Due to being on holiday and therefore around the house more, I have come to realise how much of my day revolves around vacuuming up pet hair, washing pet bedding after they do unspeakable things in it, picking up pet poo, and exercising pets, feeding and putting monthly de-fleaing and worming treatment either on or in pets.

I also worked out how much I spend a month on pet insurance and the aforementioned treatments, coupled up with the cost of feeding the beasties, entertaining them, getting them groomed and even – even – brushing their teeth.

I could probably own another car for this. They cost more than my kids. At the last vet visit, said vet encouraged Mr Lush and I to start brushing the dogs’ and cats’ teeth.

We invested £15 in a toothbrush with a handle the length of a broom and some chicken-flavoured toothpaste.

‘This will save you in the long run,’ they said. ‘Simply pop some paste on and give them a little scrub,’ they said.

Well they obviously didn’t say it loud enough for the dogs to hear. Both dogs looked at us in the same manner I stare at my husband when he suggests a new pet for us to acquire.

Both dogs also kept their little lips tightly shut, clamped together in a way that quite clearly spelt NO. I fumbled about for a bit to no avail and then tried the cats.

Surprisingly, the cats – hoighty toighty little creatures for much of the time – were more agreeable and some brushing took place.

While we were engaged in this success and subsequently distracted though, both dogs went and did a protest roll on the sofa they are not allowed on thereby smothering it and  everything in its vicinity in molting, shedding, hair.

Enough to craft a hairpiece from should one wish to glue pug all over oneself. 

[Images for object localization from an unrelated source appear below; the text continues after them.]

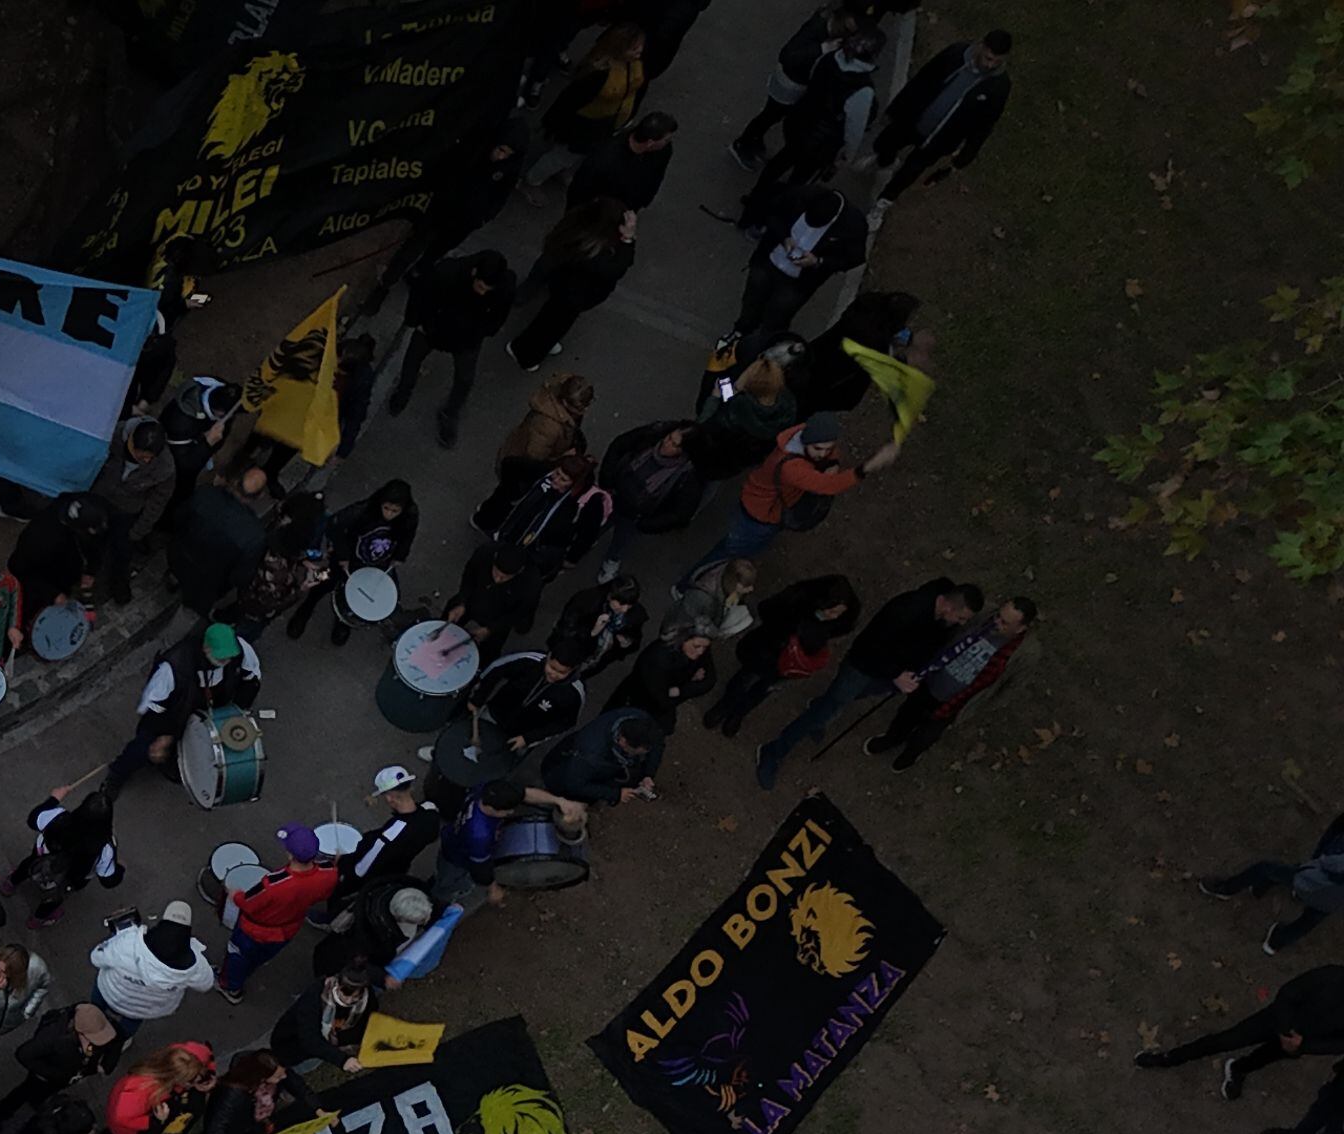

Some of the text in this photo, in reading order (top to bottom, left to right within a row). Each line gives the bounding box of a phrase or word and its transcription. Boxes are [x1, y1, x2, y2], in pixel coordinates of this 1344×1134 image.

[150, 163, 281, 245] MILEI
[330, 156, 425, 187] Tapiales
[318, 210, 372, 238] Aldo
[624, 817, 834, 1064] ALDO BONZI
[775, 958, 908, 1103] MATANZA
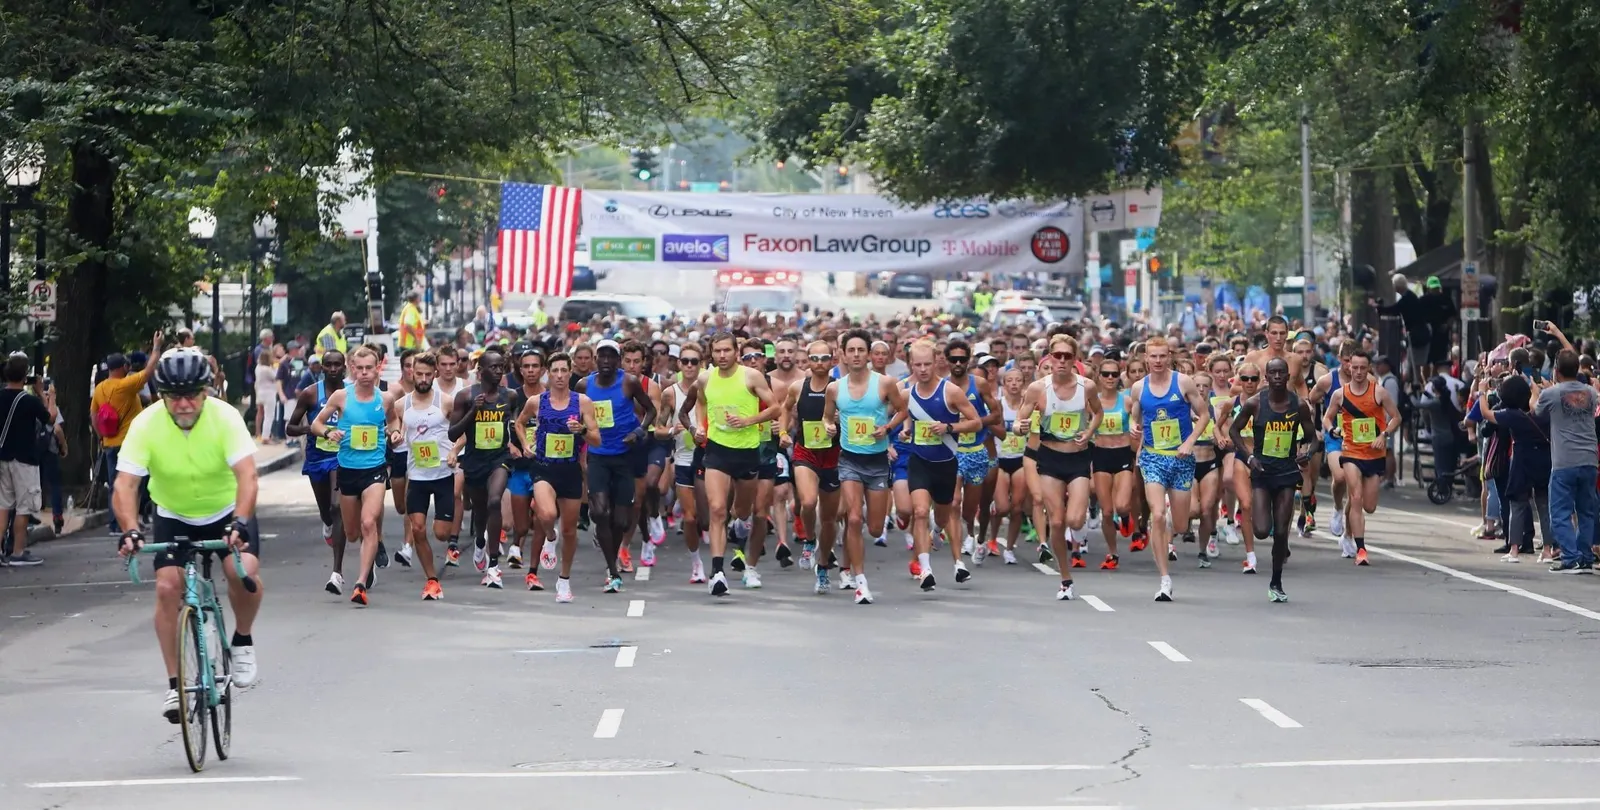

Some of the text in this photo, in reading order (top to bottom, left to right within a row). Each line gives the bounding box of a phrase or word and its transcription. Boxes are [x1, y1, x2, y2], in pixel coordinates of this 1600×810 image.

[672, 207, 733, 217] LEXUS
[772, 206, 893, 219] City of New Haven
[934, 203, 990, 218] aces
[1035, 231, 1060, 240] TOWN
[664, 239, 711, 254] avelo
[743, 233, 932, 257] FaxonLawGroup
[960, 239, 1020, 257] Mobile
[1037, 240, 1062, 249] FAIR
[1041, 249, 1062, 259] TIRE
[474, 410, 505, 421] ARMY
[855, 422, 867, 435] 20
[1060, 416, 1071, 429] 19
[1265, 420, 1295, 432] ARMY
[1359, 423, 1369, 433] 49
[362, 431, 368, 443] 6
[484, 427, 496, 439] 10
[1160, 425, 1171, 438] 77
[554, 439, 566, 452] 23
[1275, 436, 1281, 448] 1
[419, 446, 431, 458] 50

The new GCSE grading system is causing confusion

GCSE results are out and nearly all subjects, for the first time ever, are in nine-one format.

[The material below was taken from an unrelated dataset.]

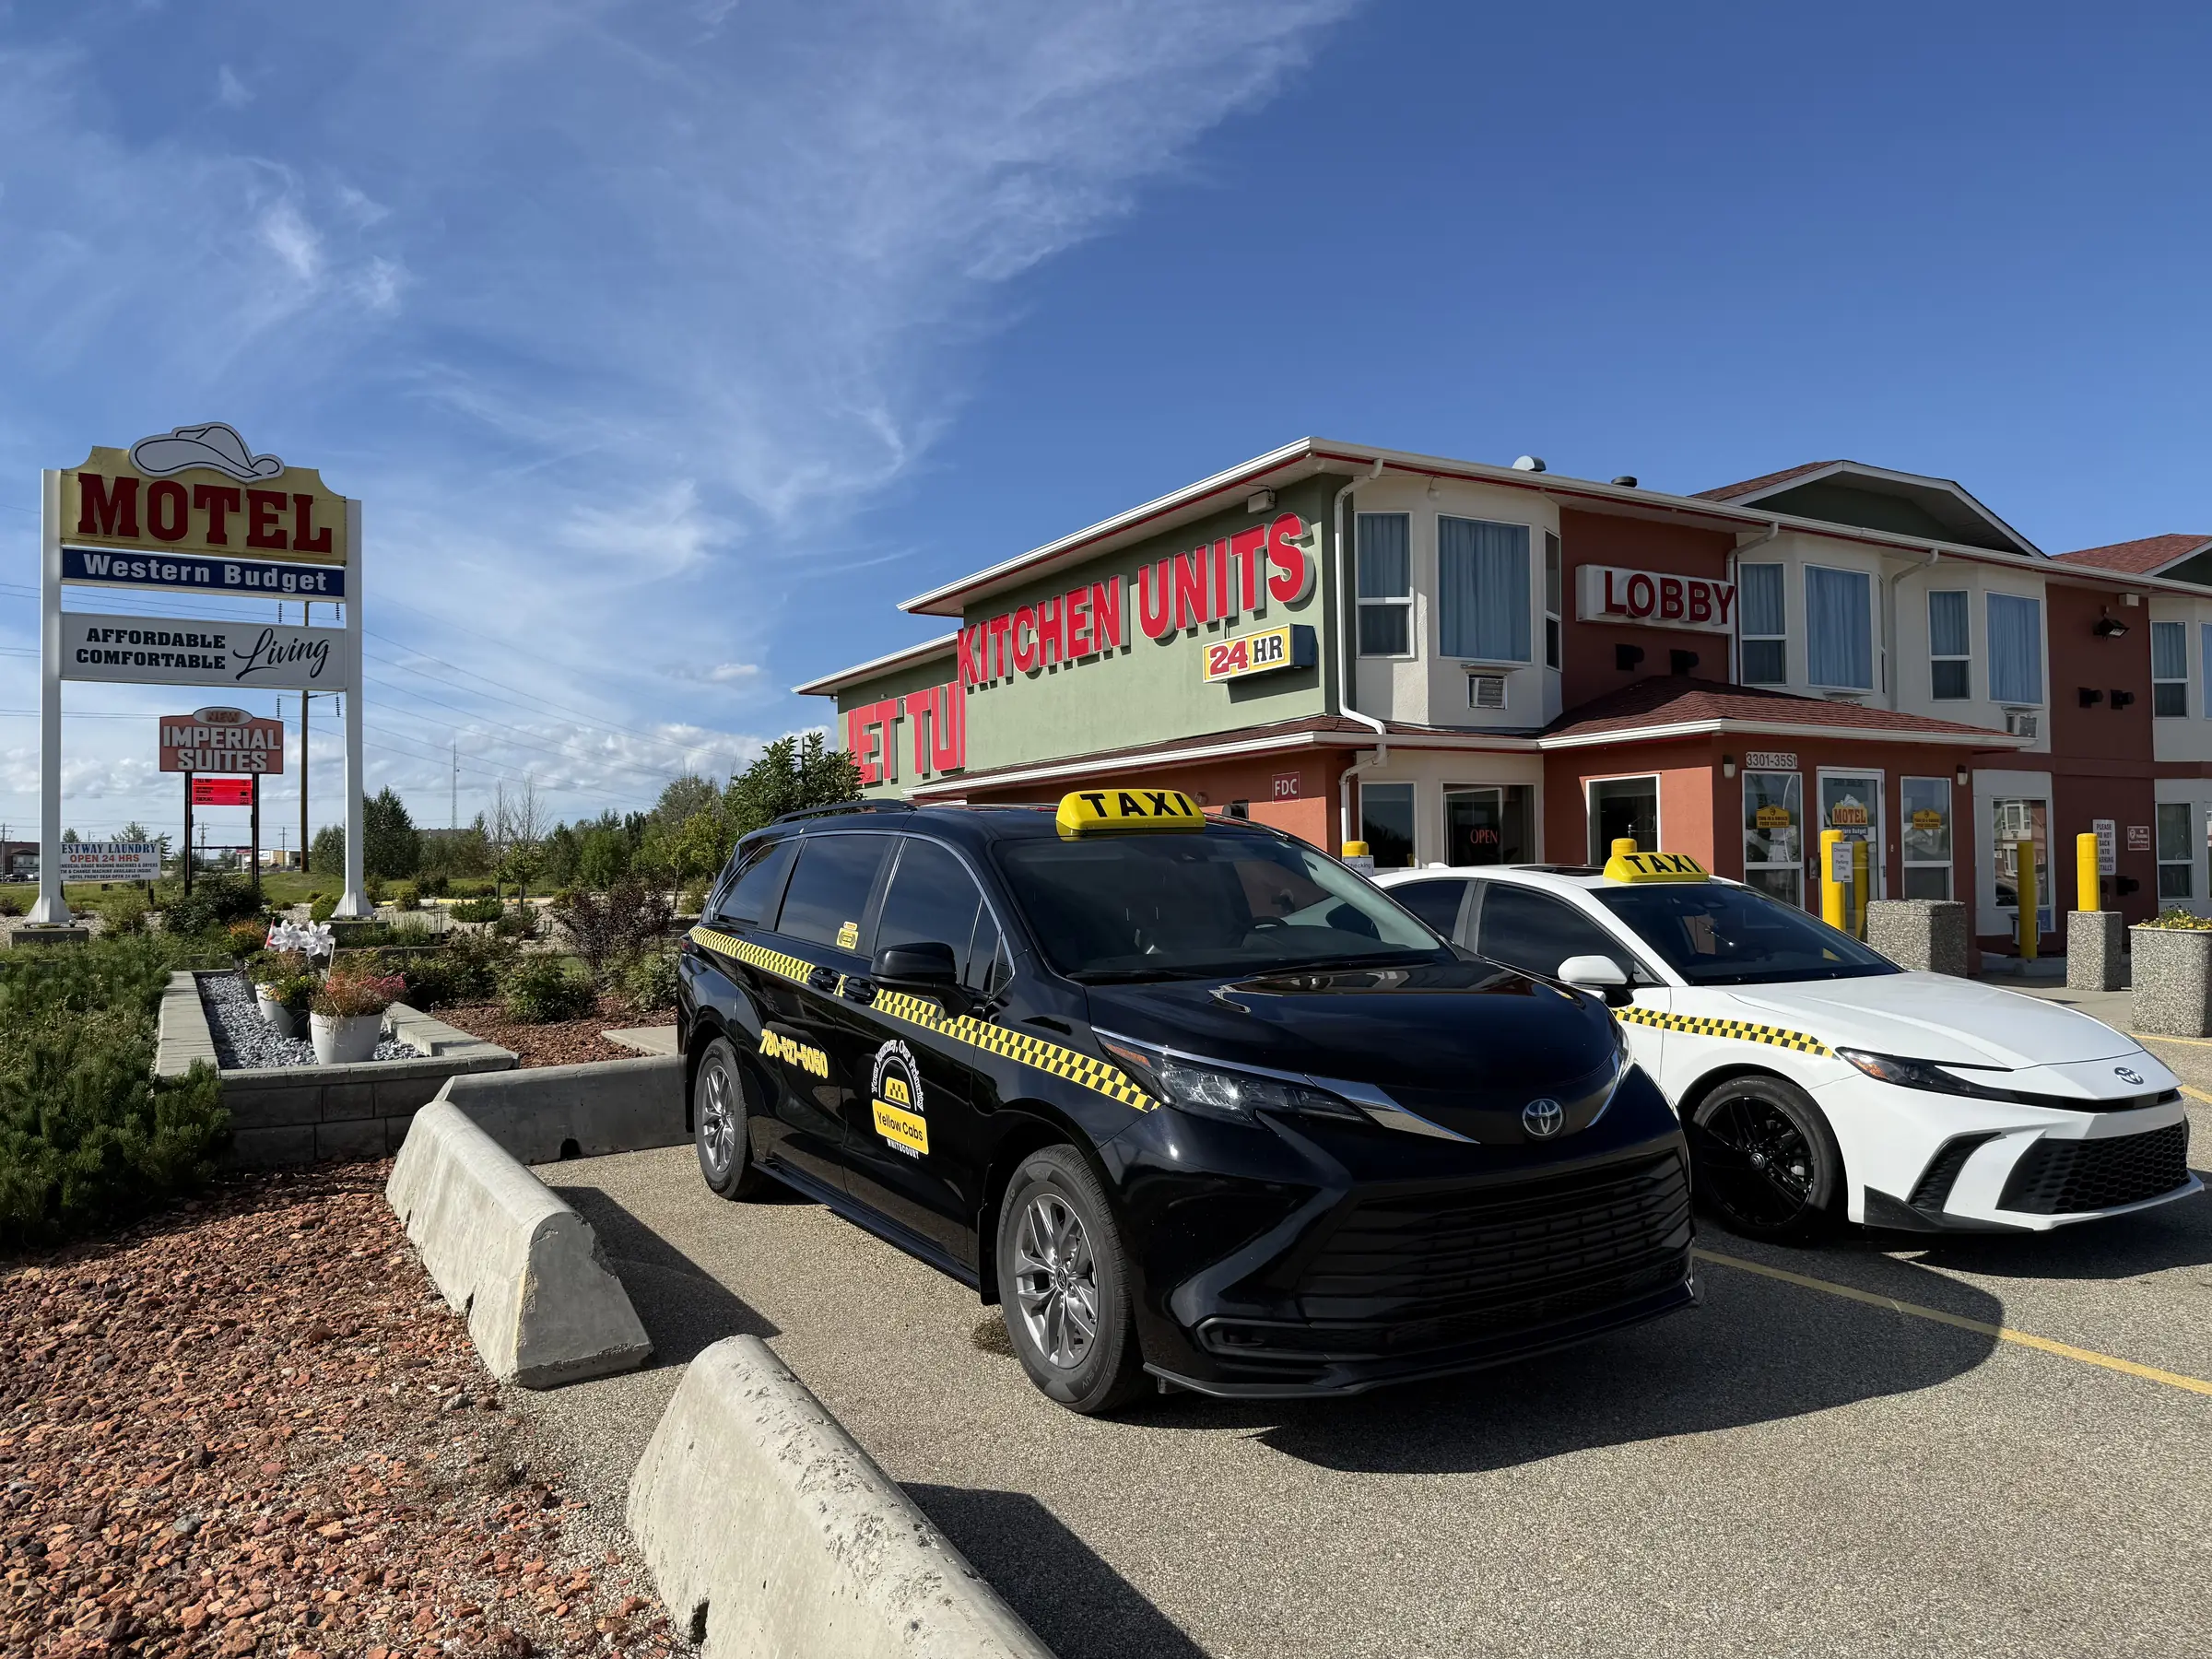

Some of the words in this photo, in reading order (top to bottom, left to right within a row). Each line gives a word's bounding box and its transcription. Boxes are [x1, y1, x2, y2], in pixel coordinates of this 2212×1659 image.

Core subjects, such as English, were in this format last year, and caused understandable confusion in a country where for decades we have been used to A,B, C.

Part of this confusion is that nine is the highest grade, which goes against many other grading techniques, with one being the lowest.

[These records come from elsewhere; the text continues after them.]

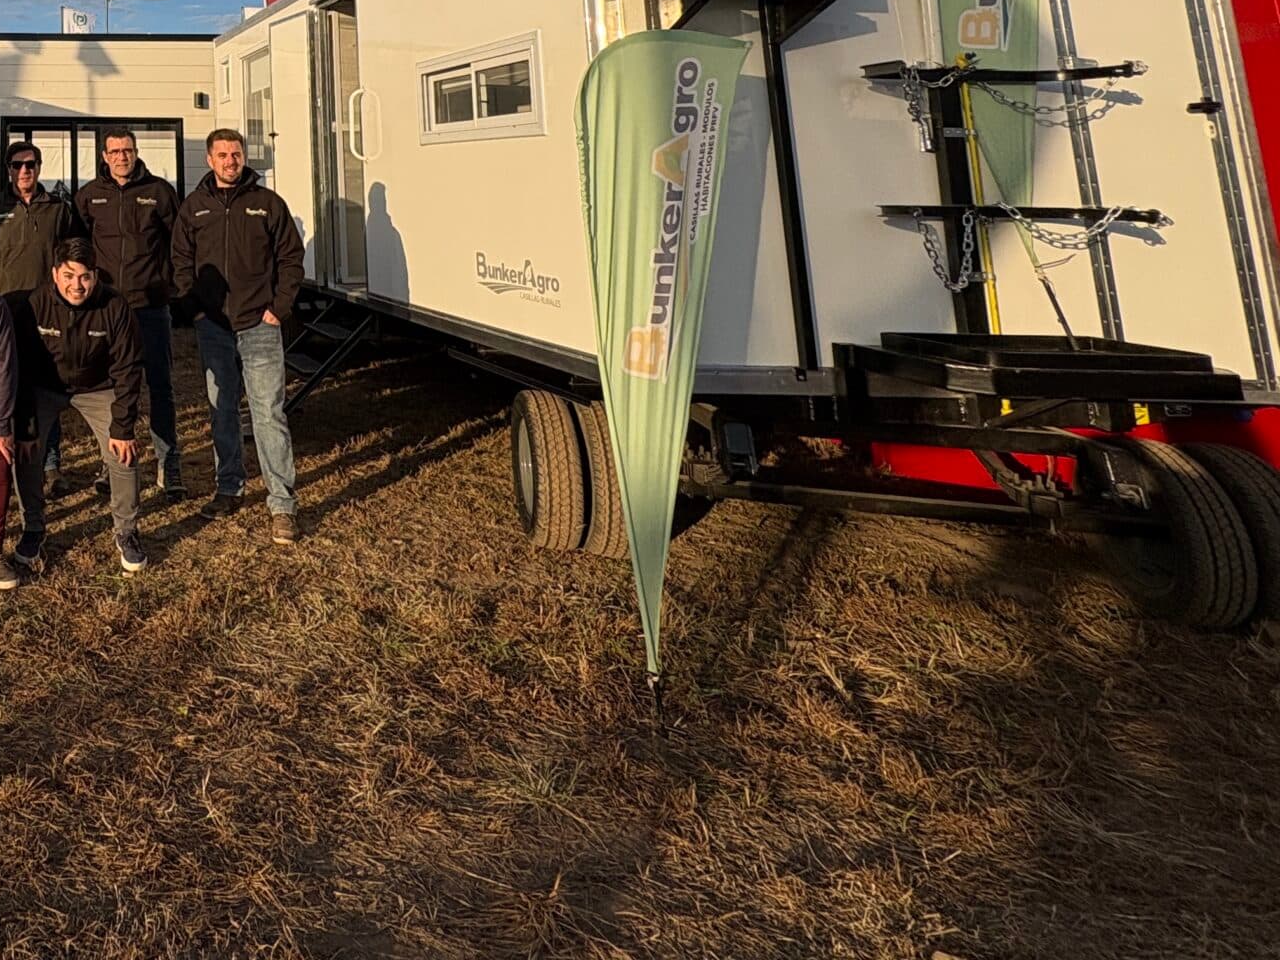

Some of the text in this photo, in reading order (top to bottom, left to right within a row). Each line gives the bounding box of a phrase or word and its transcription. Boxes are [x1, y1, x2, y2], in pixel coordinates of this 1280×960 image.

[625, 60, 699, 377] BunkerAgro
[689, 191, 701, 241] CASILLAS
[695, 141, 706, 189] RURALES
[701, 81, 715, 134] MODULOS
[700, 134, 716, 212] HABITACIONES
[476, 252, 560, 294] BunkerAgro

Either way, a nine will be hard to come by, being the equivalent of an A** which did not exist previously.

Even the concept of A* caused some consternation approximately a quarter of century ago when it was introduced. Will we eventually end up with a 9*? 

Are time-delay motorway matrix signs dangerous? 

Do the matrix signs on the motorway cause more accidents than they prevent? 

The signs post warnings, such as ’40 mph queue ahead’, only for there to be no queue ahead, but all cars brake swiftly to avoid the non-existent hazard and, inadvertently, causing a real hazard themselves.

I’m sure there is a technical reason why live updates can’t be posted and accidents have been cleared long before these signs can be updated, but it has always made me curious.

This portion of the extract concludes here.